=== Begin Enclosure ===

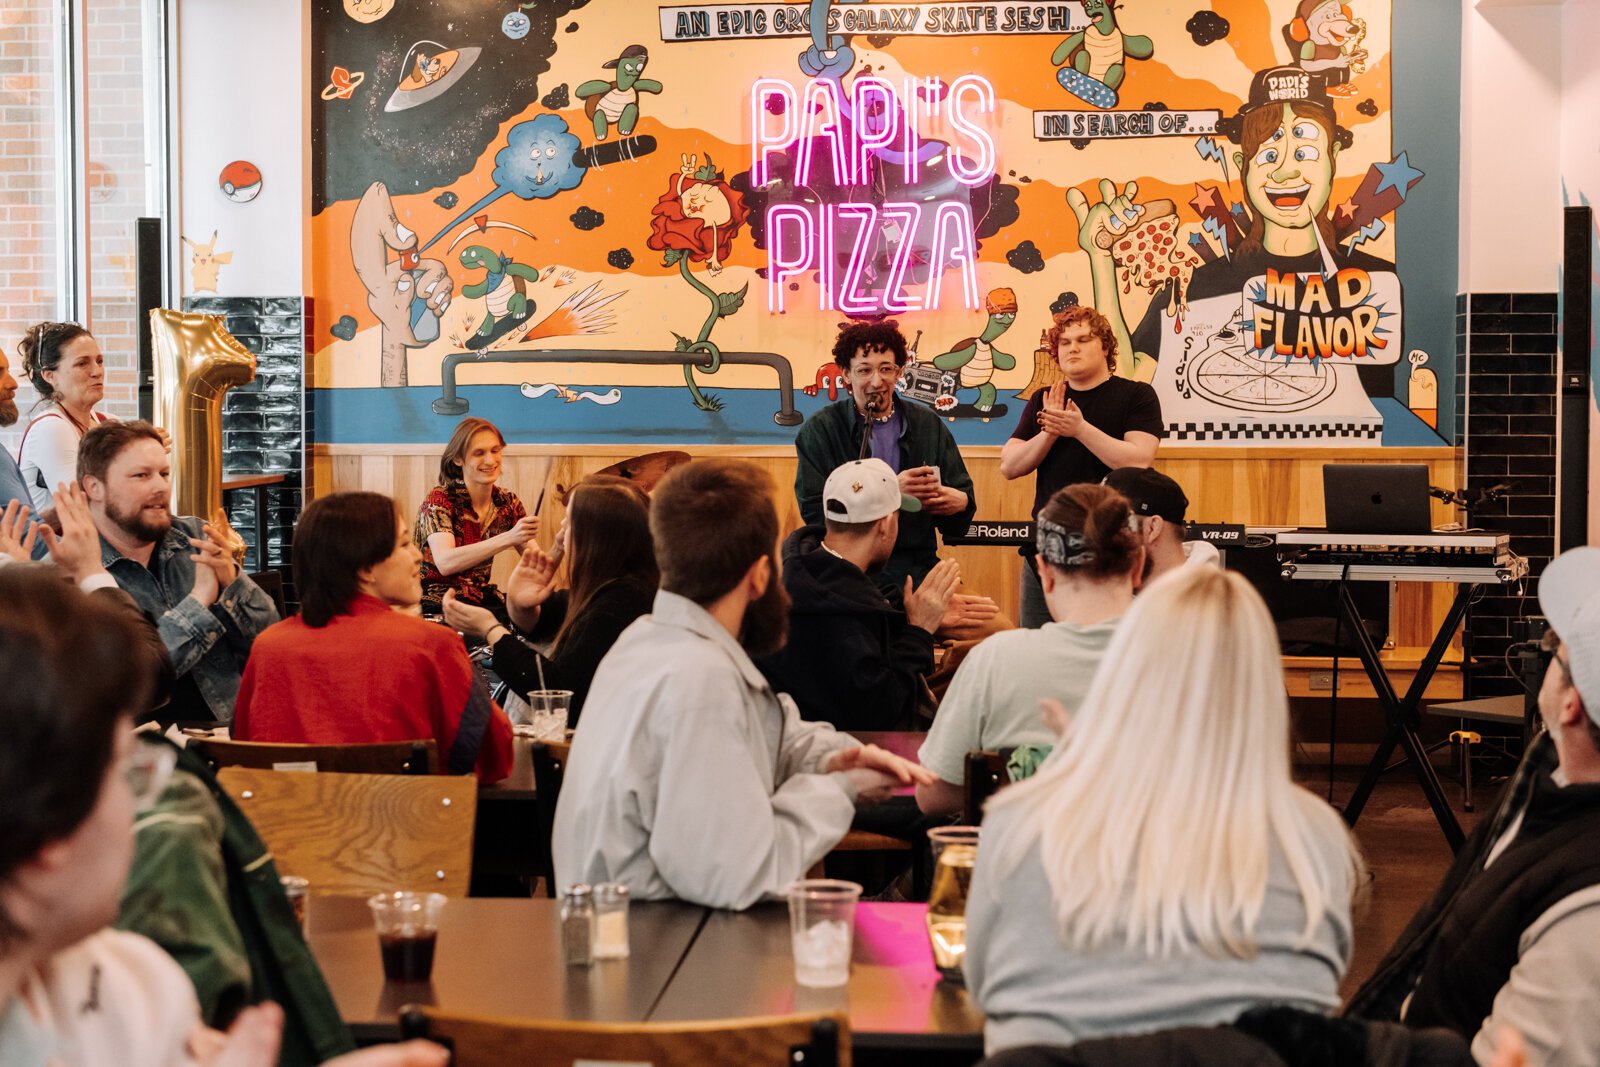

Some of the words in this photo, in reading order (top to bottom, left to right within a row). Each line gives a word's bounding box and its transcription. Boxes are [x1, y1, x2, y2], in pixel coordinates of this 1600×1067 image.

[675, 10, 710, 38] AN
[717, 8, 767, 35] EPIC
[773, 7, 842, 32] CROS
[843, 7, 921, 32] GALAXY
[924, 6, 997, 32] SKATE
[1268, 88, 1309, 101] WORLD
[751, 74, 995, 187] PAPI'S
[1043, 114, 1070, 136] IN
[1073, 113, 1154, 136] SEARCH
[767, 201, 980, 313] PIZZA
[1266, 267, 1371, 314] MAD
[1253, 303, 1388, 360] FLAVOR
[1410, 352, 1424, 362] MC
[978, 524, 1029, 538] Roland
[1201, 530, 1239, 540] VR-09
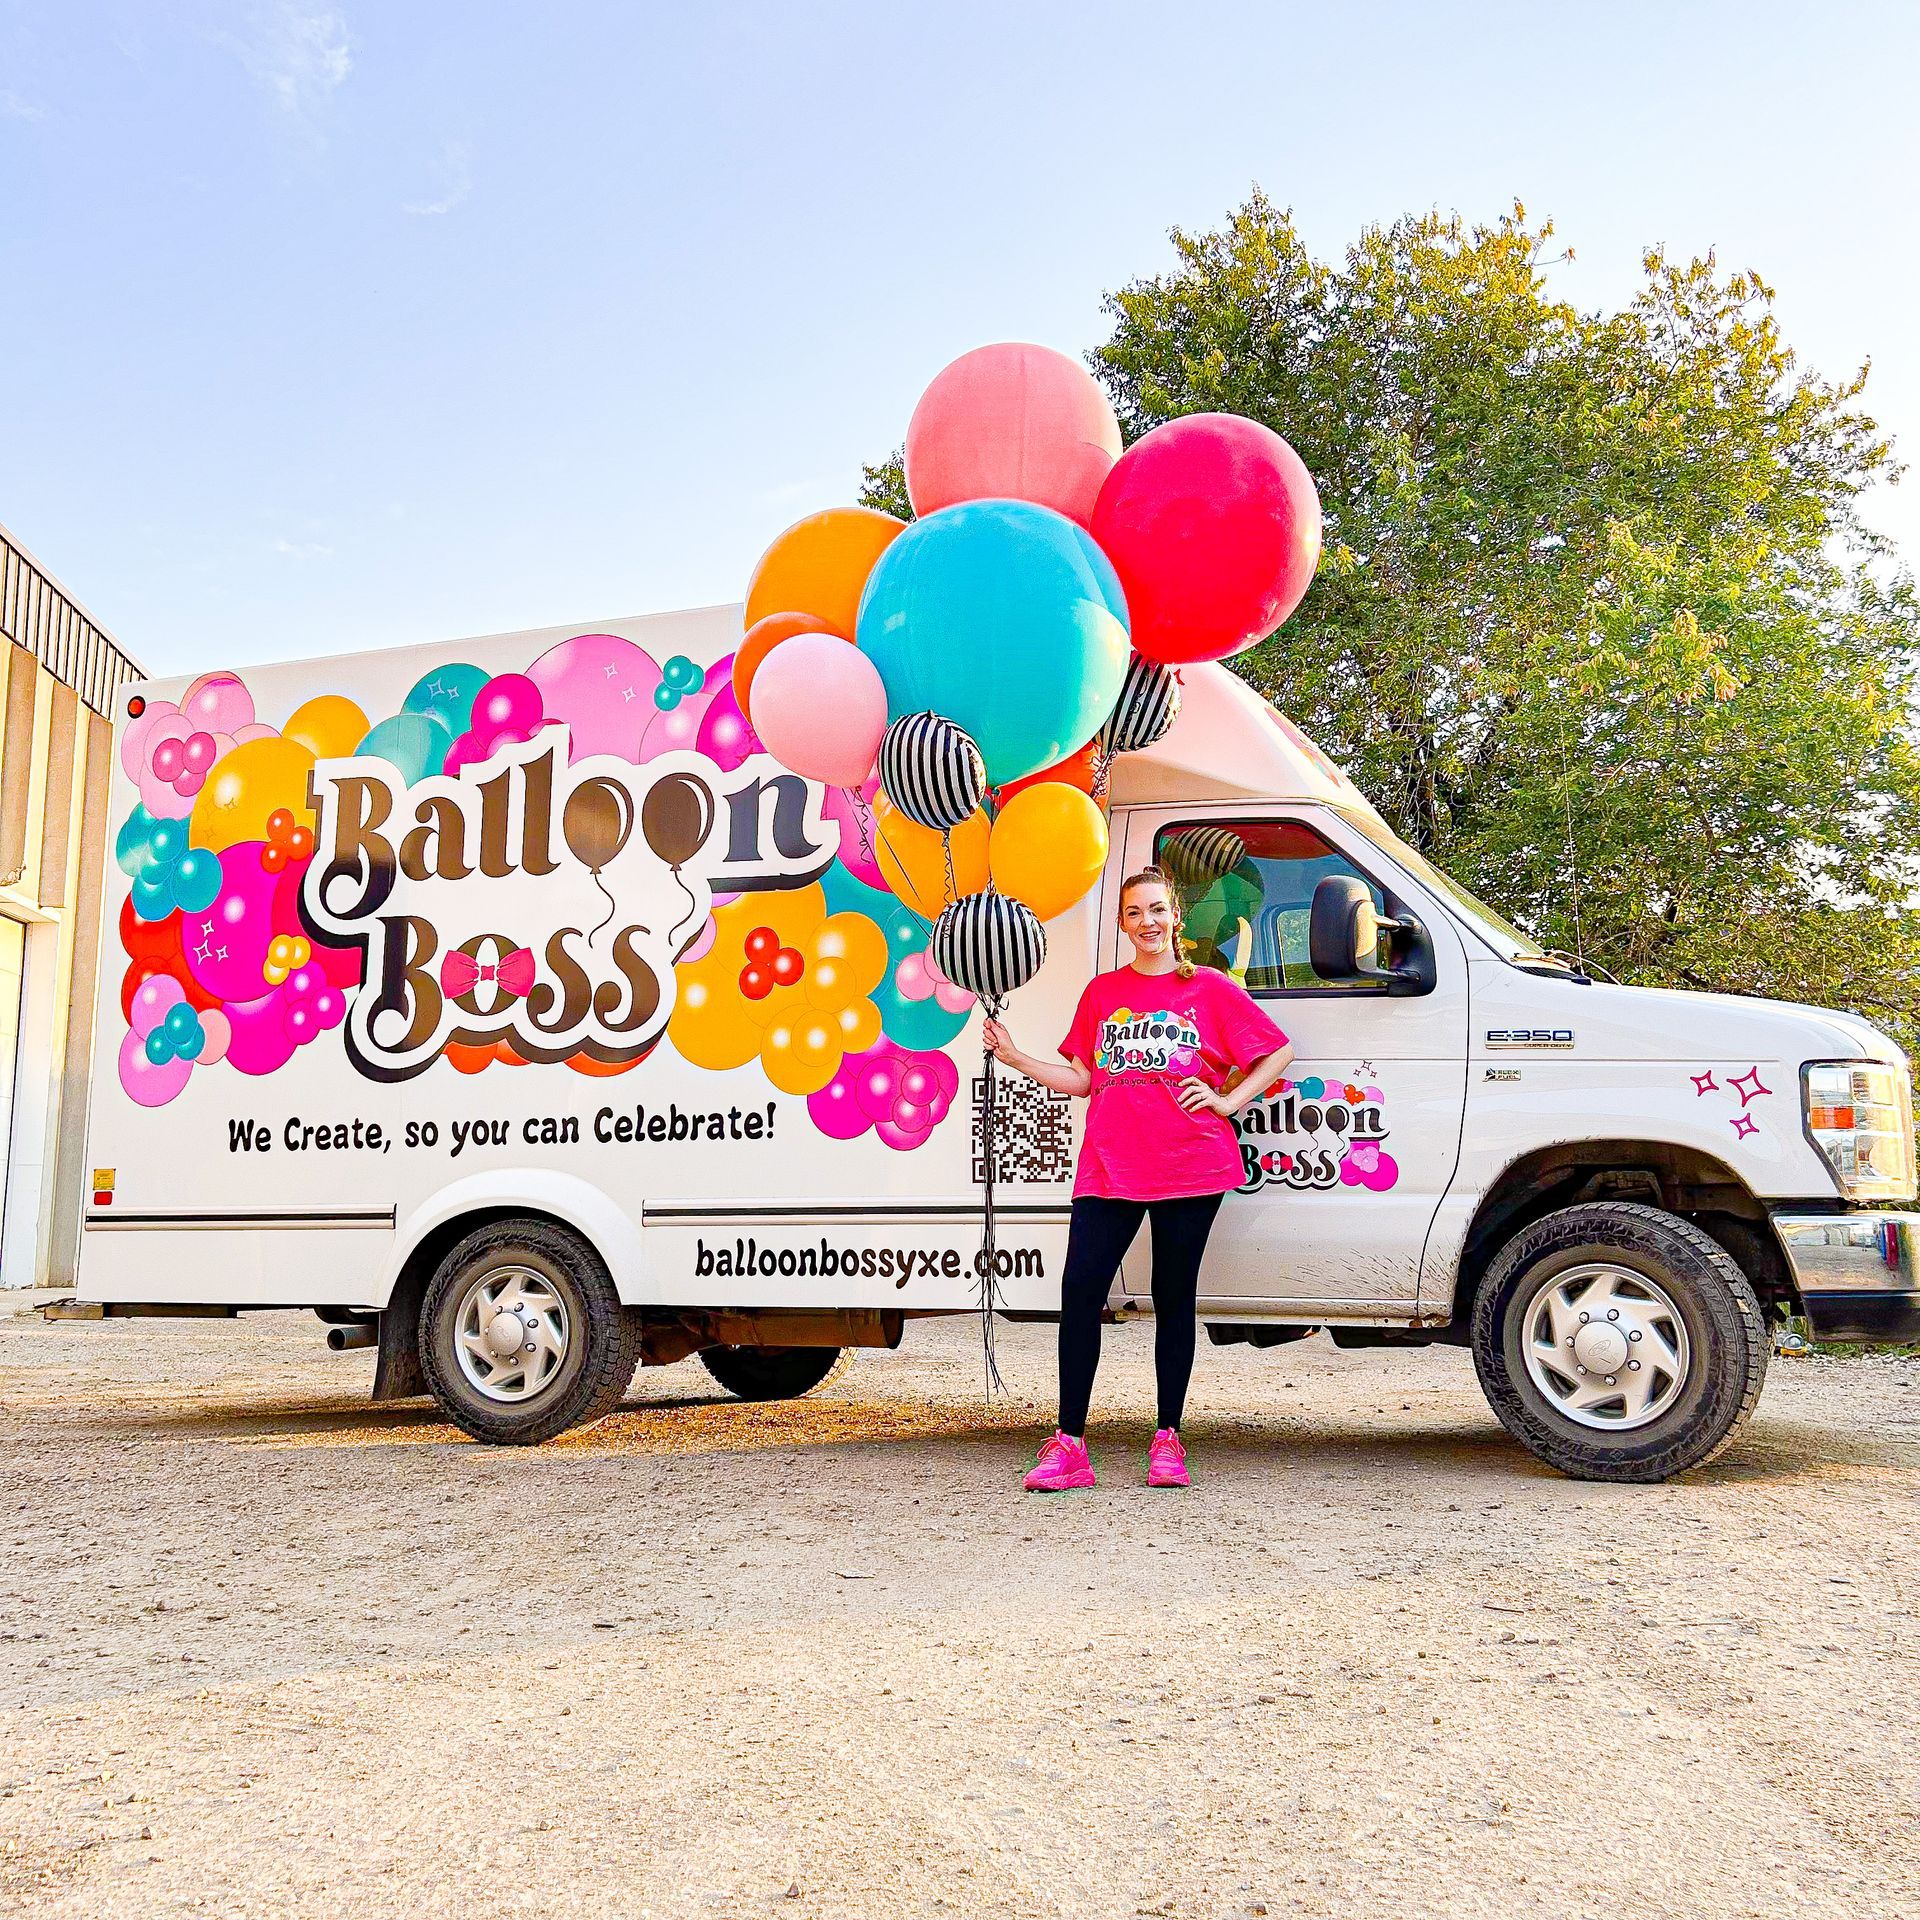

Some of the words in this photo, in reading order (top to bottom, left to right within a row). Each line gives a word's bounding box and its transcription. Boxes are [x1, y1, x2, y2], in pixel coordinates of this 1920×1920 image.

[316, 745, 823, 920] Balloon
[366, 913, 661, 1054] Boss
[1103, 1020, 1199, 1051] Balloon
[1110, 1045, 1167, 1071] Boss
[228, 1118, 272, 1153] We
[284, 1116, 392, 1154] Create,
[405, 1121, 439, 1148] so
[450, 1119, 510, 1158] you
[523, 1116, 579, 1145] can
[593, 1101, 777, 1143] Celebrate!
[694, 1237, 1044, 1290] balloonbossyxe.com

=== End Enclosure ===

_Problem details_. Quote, without alteration, the final stretch of the entries: the line with "this 1920×1920 image." onward to the last line.

_Solution to the exercise_.
Some of the words in this photo, in reading order (top to bottom, left to right within a row). Each line gives a word's bounding box and its transcription. Boxes are [x1, y1, x2, y2], in pixel coordinates of this 1920×1920 image.

[316, 745, 823, 920] Balloon
[366, 913, 661, 1054] Boss
[1103, 1020, 1199, 1051] Balloon
[1110, 1045, 1167, 1071] Boss
[228, 1118, 272, 1153] We
[284, 1116, 392, 1154] Create,
[405, 1121, 439, 1148] so
[450, 1119, 510, 1158] you
[523, 1116, 579, 1145] can
[593, 1101, 777, 1143] Celebrate!
[694, 1237, 1044, 1290] balloonbossyxe.com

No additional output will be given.